> _Your objective_
Once the pictures are set aside, repeat all of the data below exactly.

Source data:
# # # # #
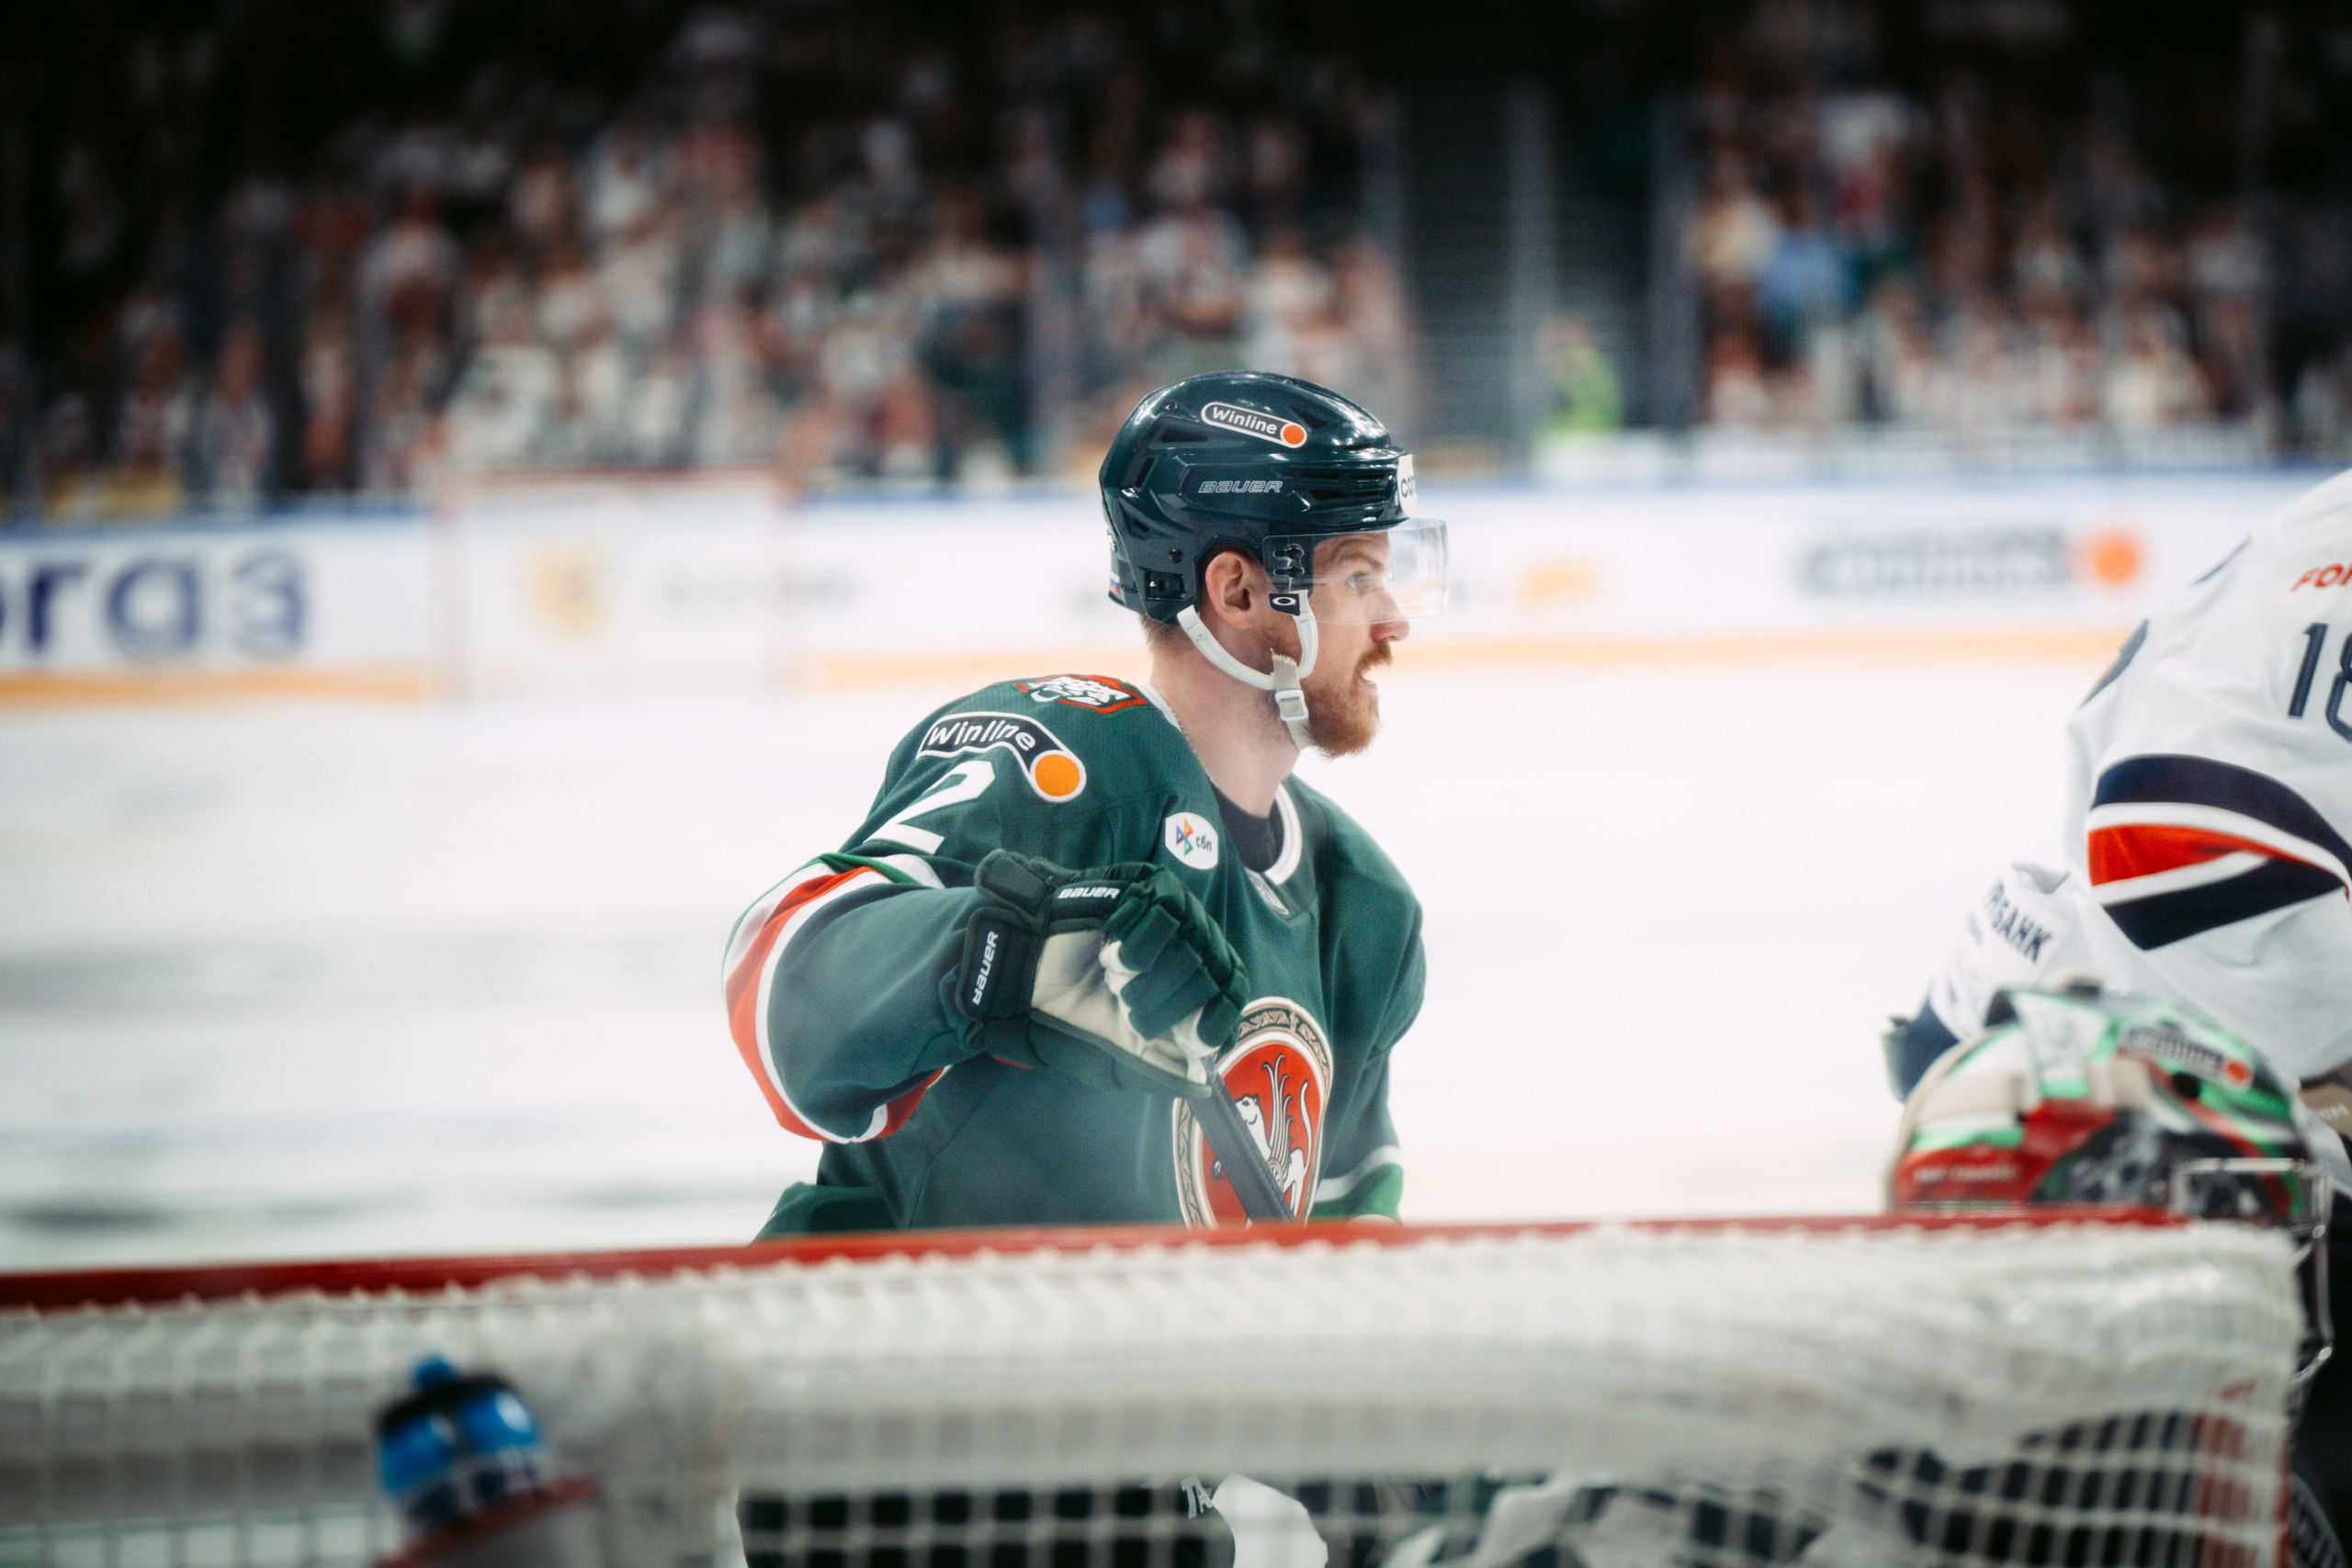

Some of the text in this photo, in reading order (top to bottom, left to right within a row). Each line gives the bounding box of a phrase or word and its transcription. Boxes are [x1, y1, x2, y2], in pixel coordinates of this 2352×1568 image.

[1213, 406, 1278, 434] Winline
[1198, 480, 1283, 494] BAUER
[0, 555, 307, 656] газ
[927, 720, 1036, 751] Winline
[863, 761, 996, 855] 2
[1057, 886, 1120, 899] BAUER
# # # # #
> _Exercise solution_
Some of the text in this photo, in reading order (top to bottom, left to right within a row). Each line gives the bounding box of a phrase or word and its transcription. Boxes are [x1, y1, x2, y2], in pixel coordinates of this 2352×1568 image.

[1213, 406, 1278, 434] Winline
[1198, 480, 1283, 494] BAUER
[0, 555, 307, 656] газ
[927, 720, 1036, 751] Winline
[863, 761, 996, 855] 2
[1057, 886, 1120, 899] BAUER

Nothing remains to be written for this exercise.